In most cases, the bill is first examined and amended by the appropriate committee in two stages taking place at least seven days apart. At the first stage a debate in principle and on the articles is conducted and at the second stage a second reading takes place followed by debate and vote by article. During the legislative elaboration of every bill from the competent standing committee and until the second reading of the relevant articles, every special permanent committee can express its opinion on any specific issue that falls within its competence. If the bill passes the committee stage, it is sent to the plenary for debate. During the plenary session, MPs vote for the draft law or law proposal to become law (Νόμος) in three stages: first in principle, where the bill's main theme is discussed (usually a bill also includes other, miscellaneous, provisions or even provisions from other government ministries that have no relation to the bill's main theme), then per article (when amendments may be proposed and either approved or rejected) and finally as a whole.

===Condensed (urgent) legislative procedure===
The government may designate a draft bill or law proposal as "very urgent" and request from parliament for the voting to take place after limited debate in one sitting.
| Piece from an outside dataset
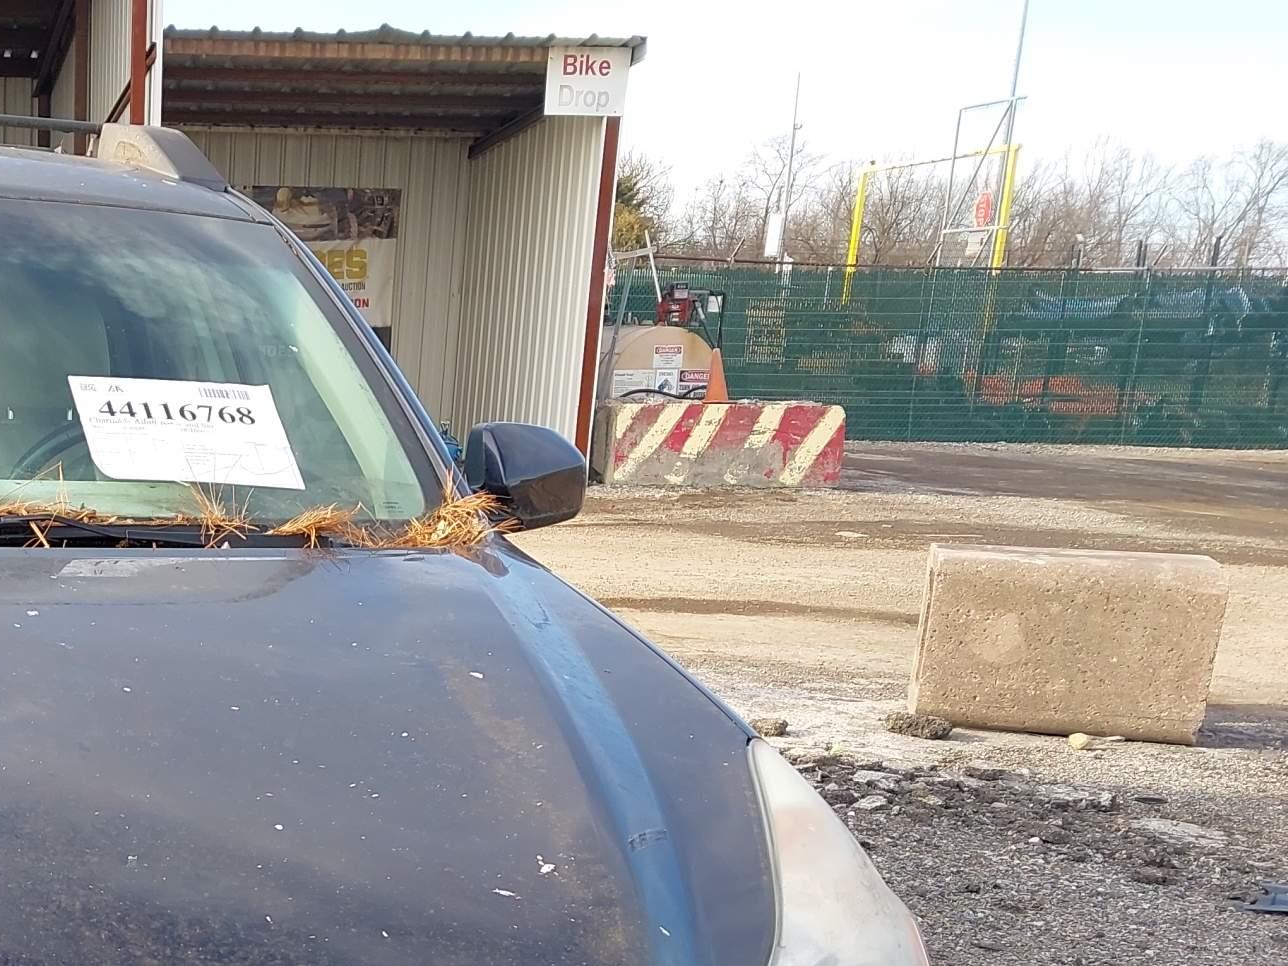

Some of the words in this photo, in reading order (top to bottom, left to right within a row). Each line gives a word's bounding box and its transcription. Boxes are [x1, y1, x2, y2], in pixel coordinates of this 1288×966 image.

[563, 54, 611, 76] Bike
[559, 84, 610, 112] Drop
[684, 372, 710, 381] DANGE
[98, 400, 256, 426] 44116768
Bills designated as "very urgent" are immediately sent to the competent standing committee which must first decide whether to accept or reject the government's request. If it accepts the request, it examines the bill in one sitting and must submit its report within the time constraints set by the speaker (usually within 6–8 hours). After the committee stage, the bill is immediately sent for discussion in the plenum (usually the next day) where discussion takes place in one sitting which cannot last longer than ten hours. During debate only the rapporteurs (one from each parliamentary group), the prime minister, the minister(s) responsible, the leaders of the parliamentary groups and/or their representatives, one MP from each parliamentary group and one independent MP (provided that there are at least ten) are allowed to participate. Former prime ministers or speakers of the parliament who have been elected MPs, may also participate in the discussion if they so wish. Once the list of speakers is exhausted or the ten-hour constraint has elapsed, voting takes place on the bill's principle and articles and as a whole.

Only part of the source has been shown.